Though I do not have the privilege of knowing or even understanding Senator Merkley, I can state with certainty that while he makes a show of calling for “equality,” he really means a drab uniformity and collectivized tapioca. As Dr. Arnn, the single best college president in the world, has reminded us many times, we were anti-discrimination long before the Federal Government was. In fact, he notes, the Federal Government finally adopted OUR position on the issue of race and ethnicity, not the other way around. Hillsdale had to remind the United States over and over again of the Founding intent as expressed in the Declaration of Independence and the Northwest Ordinance of 1787.

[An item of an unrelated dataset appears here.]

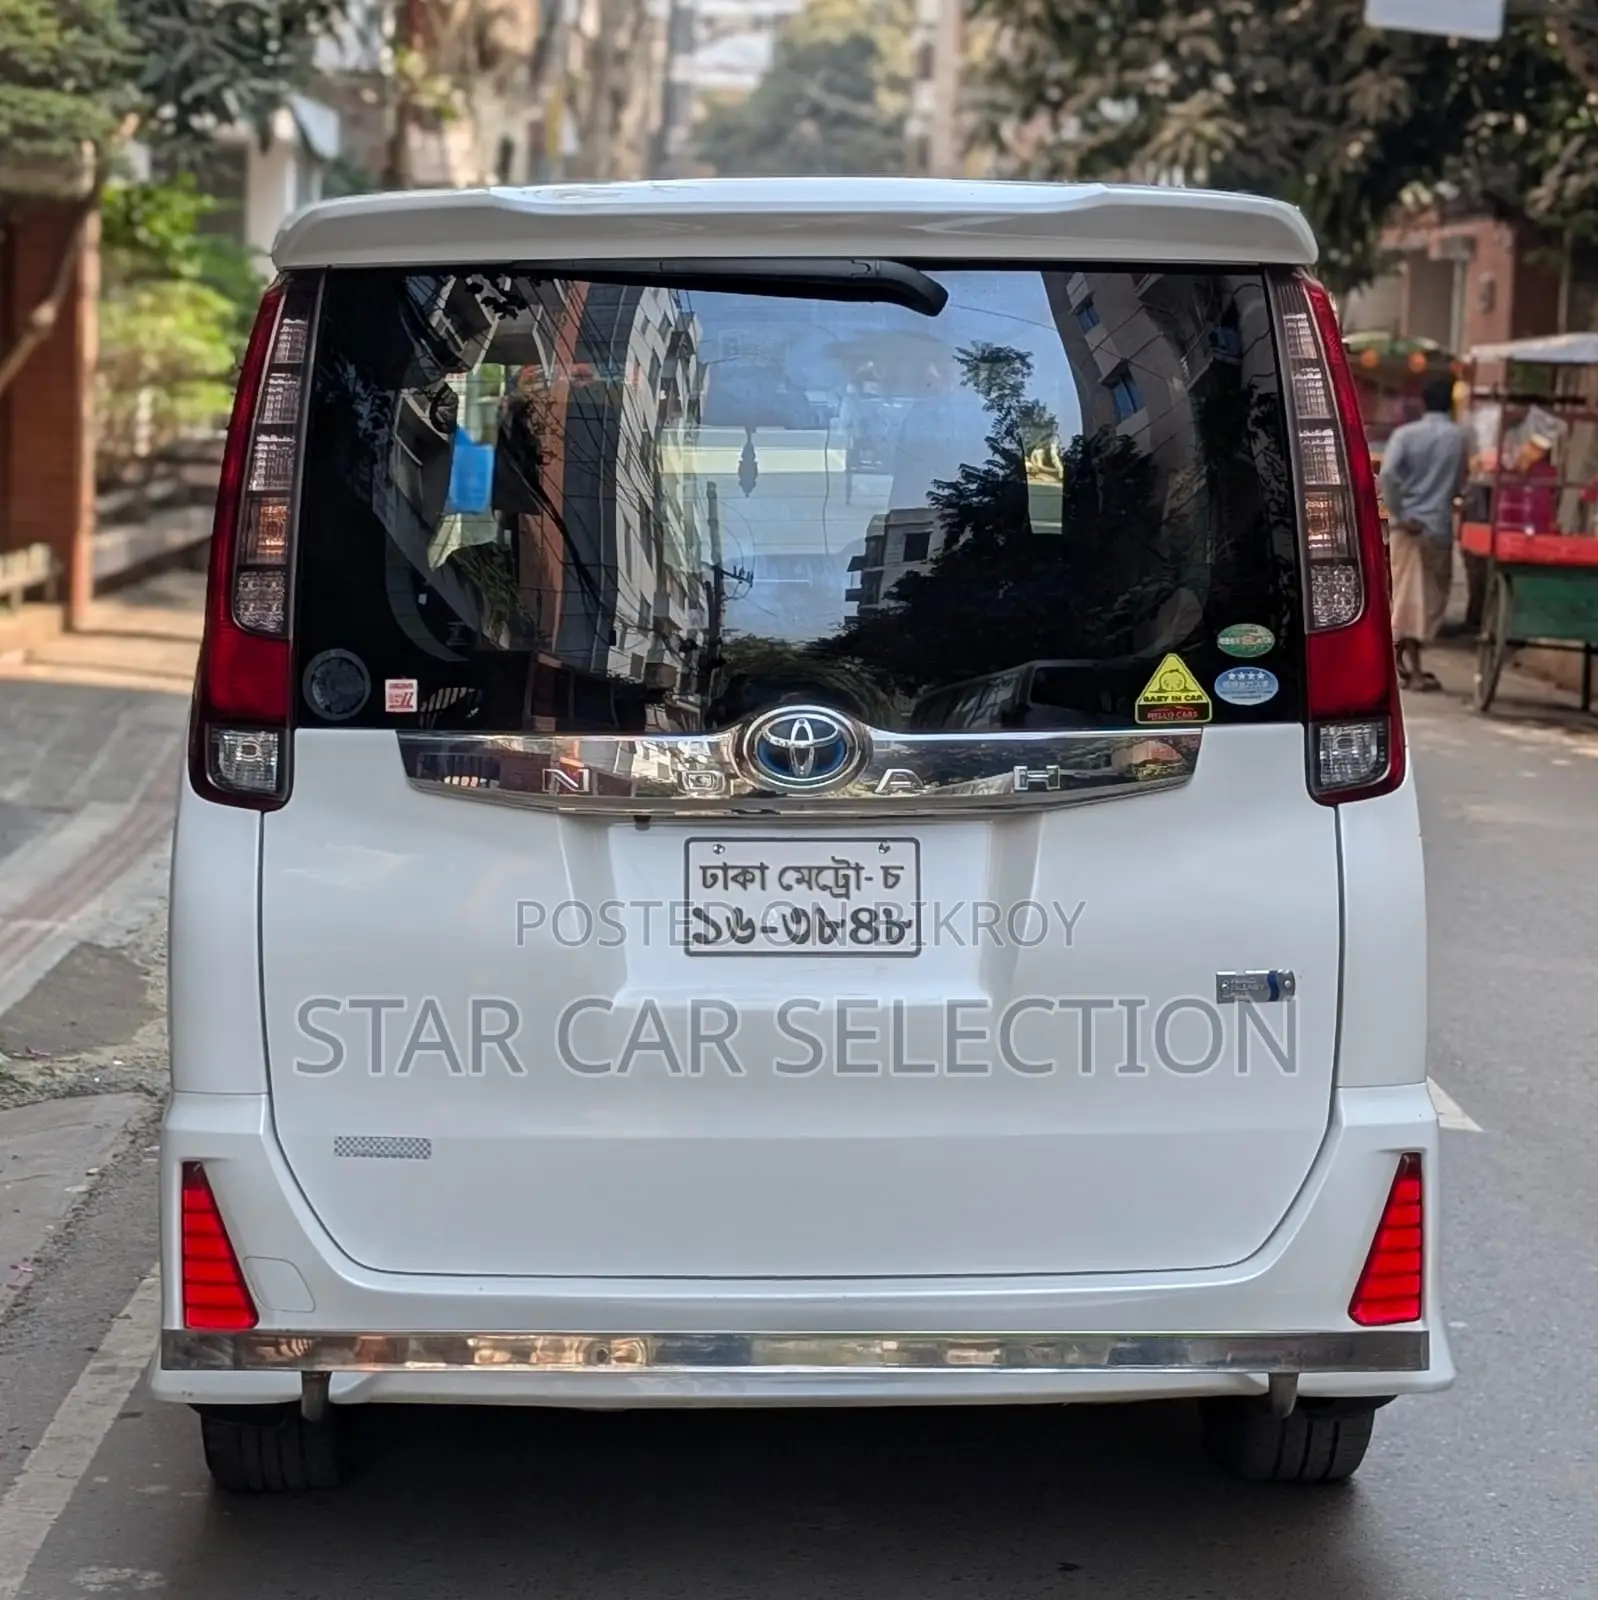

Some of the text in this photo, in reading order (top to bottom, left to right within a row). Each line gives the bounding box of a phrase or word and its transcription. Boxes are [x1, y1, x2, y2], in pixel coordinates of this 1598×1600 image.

[699, 861, 770, 891] ঢাকা
[879, 865, 904, 890] চ
[692, 907, 913, 945] ১৬-৩৮৪৮

Rather than speaking about that of which he knows nothing, perhaps Senator Merkley would consent to visit our campus. I would happily show him our statues that so beautifully reveal our devotion to liberal education as well as to the dignity and beauty of each human person, each a unique expression of a majestic Creator. I would happily introduce him to my extraordinary colleagues and to my ever-curious students. I would also take him to Oak Grove Cemetery, a sacred site on the northern most part of town that inters over 300 Civil War veterans as well as the first historian of Hillsdale College, Ransom Dunn. In 1854, he became so disgusted with Washington politics and especially the Democratic Party under Stephen Douglas, that he helped form an independent movement that sought to prevent the extension of slavery in the American West. After much deliberation under a grove of oak trees in Jackson, Michigan, they finally decided on the name, the Republican Party.

As a historian at one of the finest institutions of higher learning in existence, I only ask that the Senate neither helps nor hinders us.  Hillsdale College does not take one single penny from the federal government, and our students take not one single penny in loans. Just please leave us alone, and we’ll be fine. Indeed, leave us alone, and we’ll continue to show the world how best to educate and how best to promote the dignity of every single human person regardless of race, ethnicity, religion, etc. 

Bradley J. Birzer is the president of the American Ideas Institute, which publishes TAC. He holds the Russell Amos Kirk Chair in History at Hillsdale College and is the author, most recently, of Russell Kirk: American Conservative.